Data for processing ▸
────

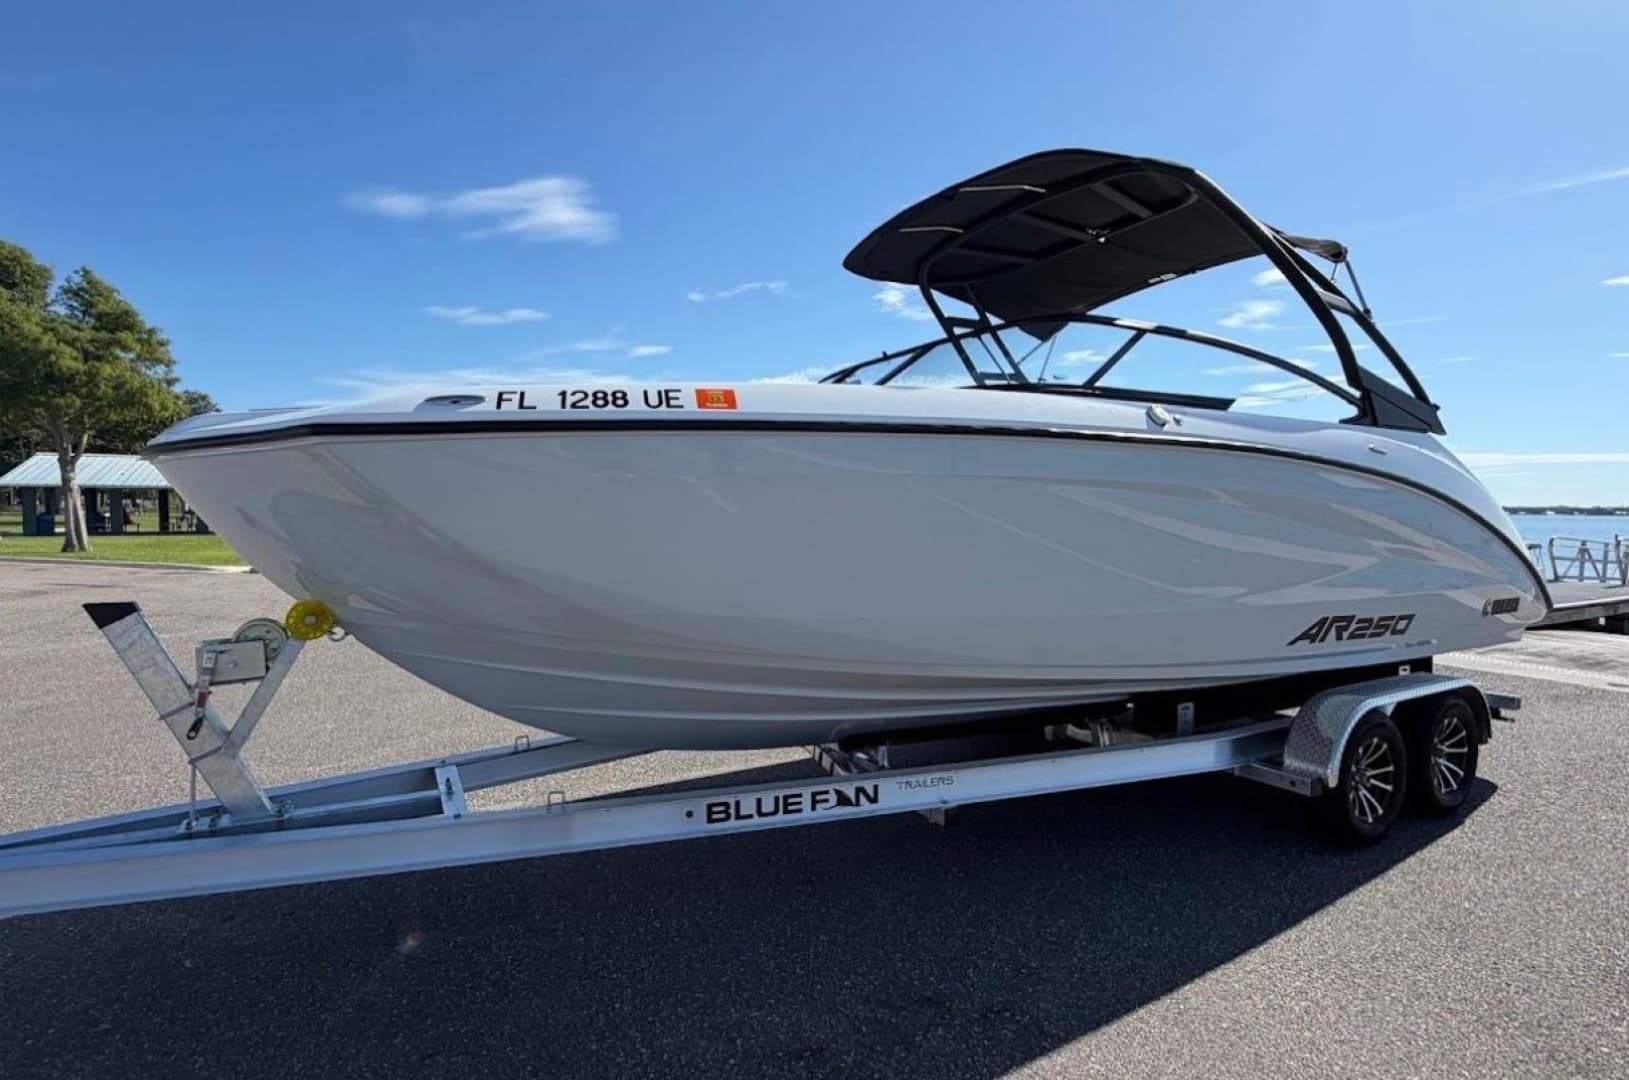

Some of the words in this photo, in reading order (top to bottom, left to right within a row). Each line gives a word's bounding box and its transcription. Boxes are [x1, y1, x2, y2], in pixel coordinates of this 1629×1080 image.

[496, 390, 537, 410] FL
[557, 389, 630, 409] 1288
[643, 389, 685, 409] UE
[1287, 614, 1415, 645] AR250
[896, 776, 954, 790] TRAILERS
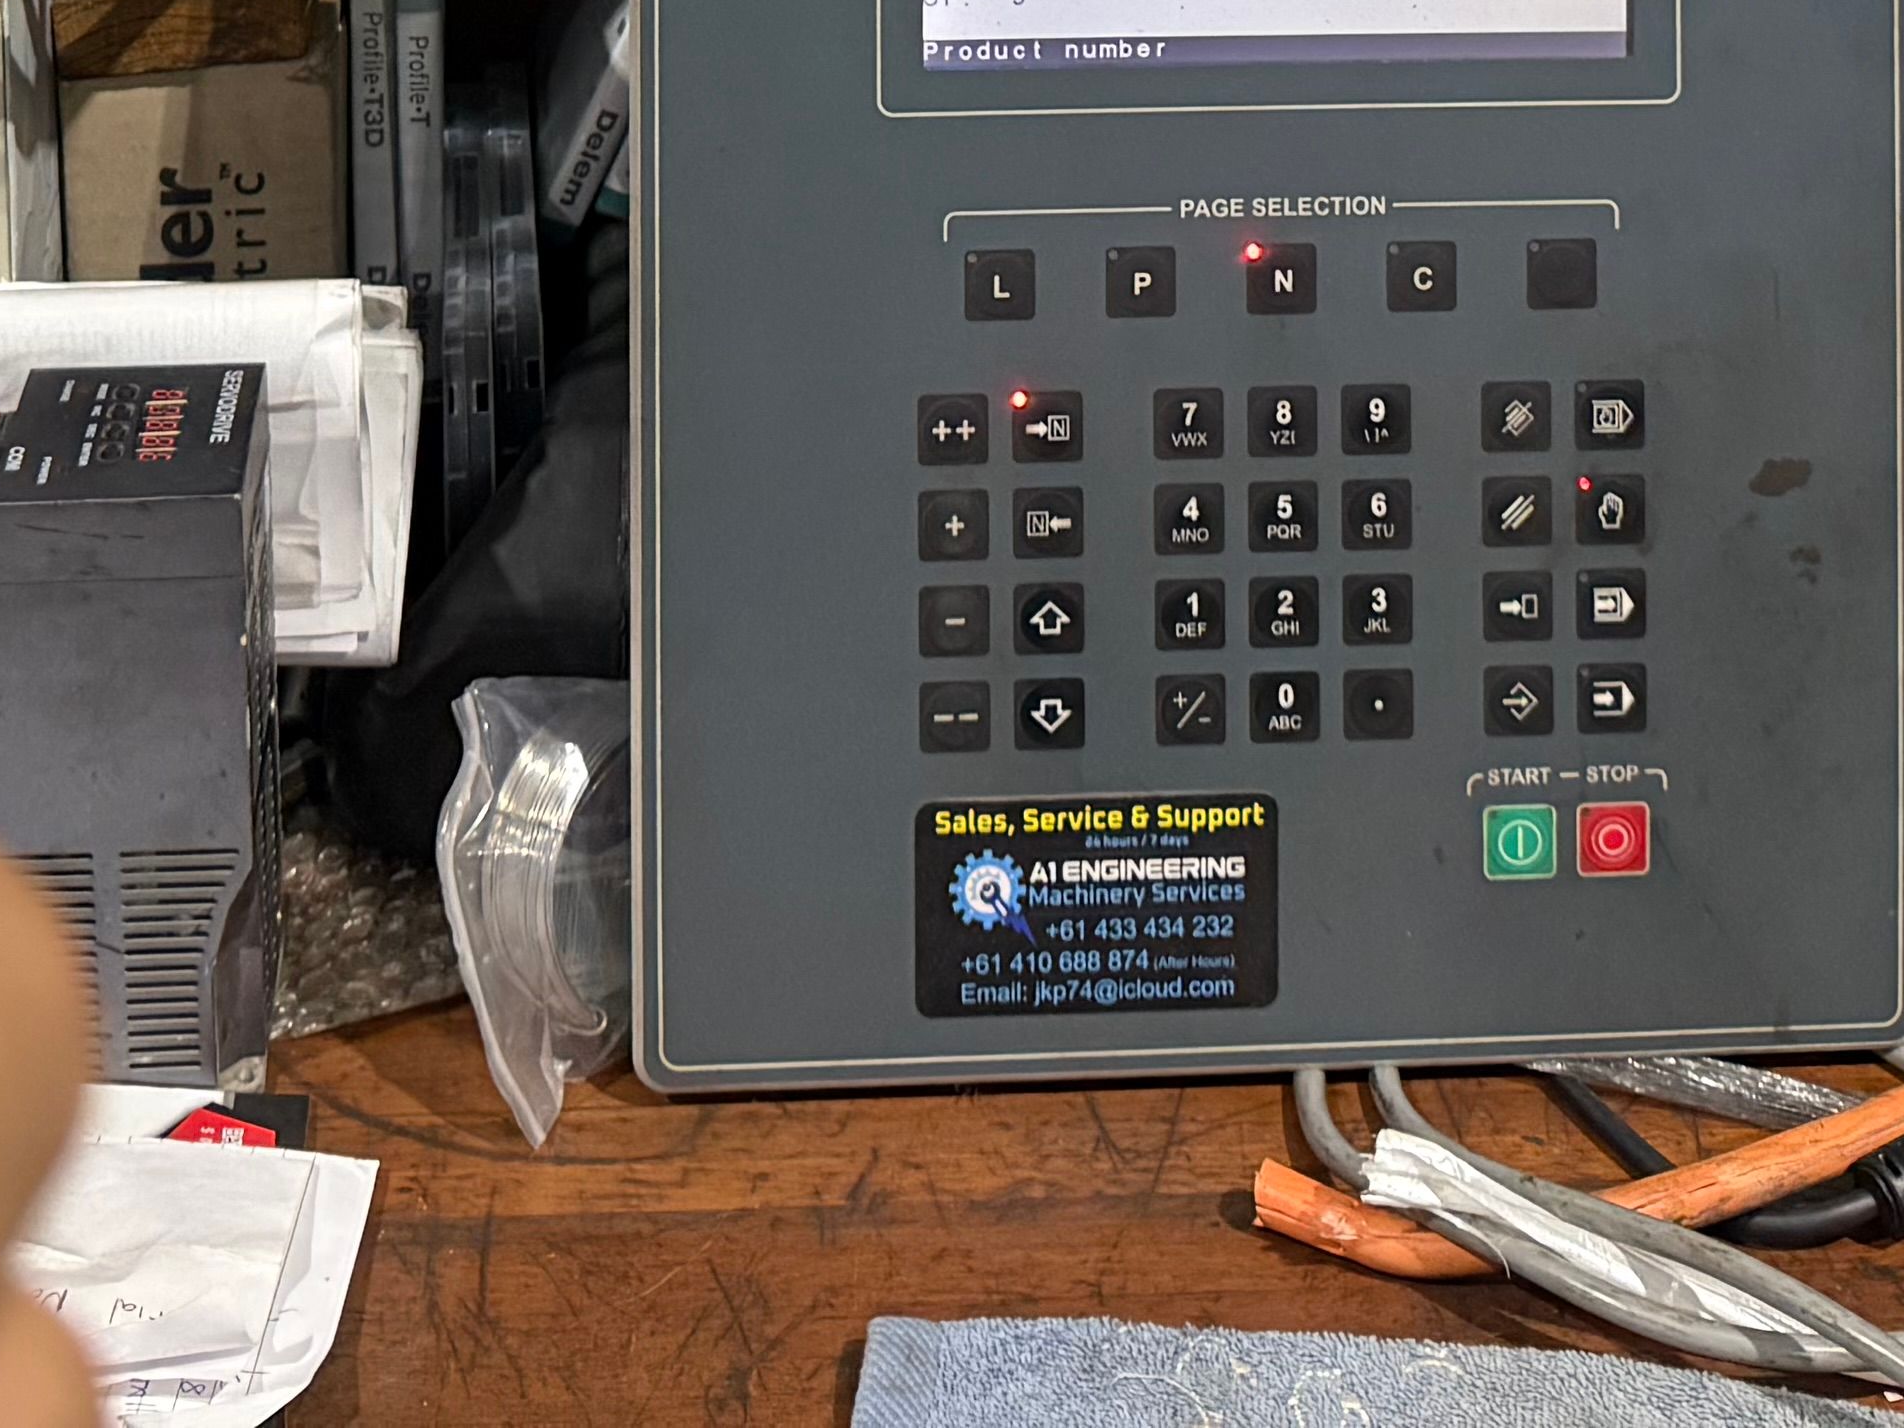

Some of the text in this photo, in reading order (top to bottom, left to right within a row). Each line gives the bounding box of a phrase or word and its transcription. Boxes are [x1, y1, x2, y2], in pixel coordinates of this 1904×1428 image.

────

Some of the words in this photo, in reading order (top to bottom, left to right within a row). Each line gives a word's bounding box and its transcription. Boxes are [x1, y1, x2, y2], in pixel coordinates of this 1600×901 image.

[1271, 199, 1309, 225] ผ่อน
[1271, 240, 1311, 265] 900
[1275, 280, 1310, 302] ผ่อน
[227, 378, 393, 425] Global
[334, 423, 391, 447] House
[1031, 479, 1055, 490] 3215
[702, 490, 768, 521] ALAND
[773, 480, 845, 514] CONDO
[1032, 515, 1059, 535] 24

────

Exercise aim ▸ In the listing above, find the line with "this 1629×1080 image." and the line with "Some of the text". Output both, plus every line between them, and no pictures.

Exercise answer ▸
Some of the words in this photo, in reading order (top to bottom, left to right within a row). Each line gives a word's bounding box and its transcription. Boxes are [x1, y1, x2, y2], in pixel coordinates of this 1629×1080 image.

[496, 390, 537, 410] FL
[557, 389, 630, 409] 1288
[643, 389, 685, 409] UE
[1287, 614, 1415, 645] AR250
[896, 776, 954, 790] TRAILERS

Some of the text in this photo, in reading order (top to bottom, left to right within a row). Each line gives the bounding box of a phrase or word and its transcription. Boxes are [x1, y1, x2, y2], in pixel coordinates of this 1904×1428 image.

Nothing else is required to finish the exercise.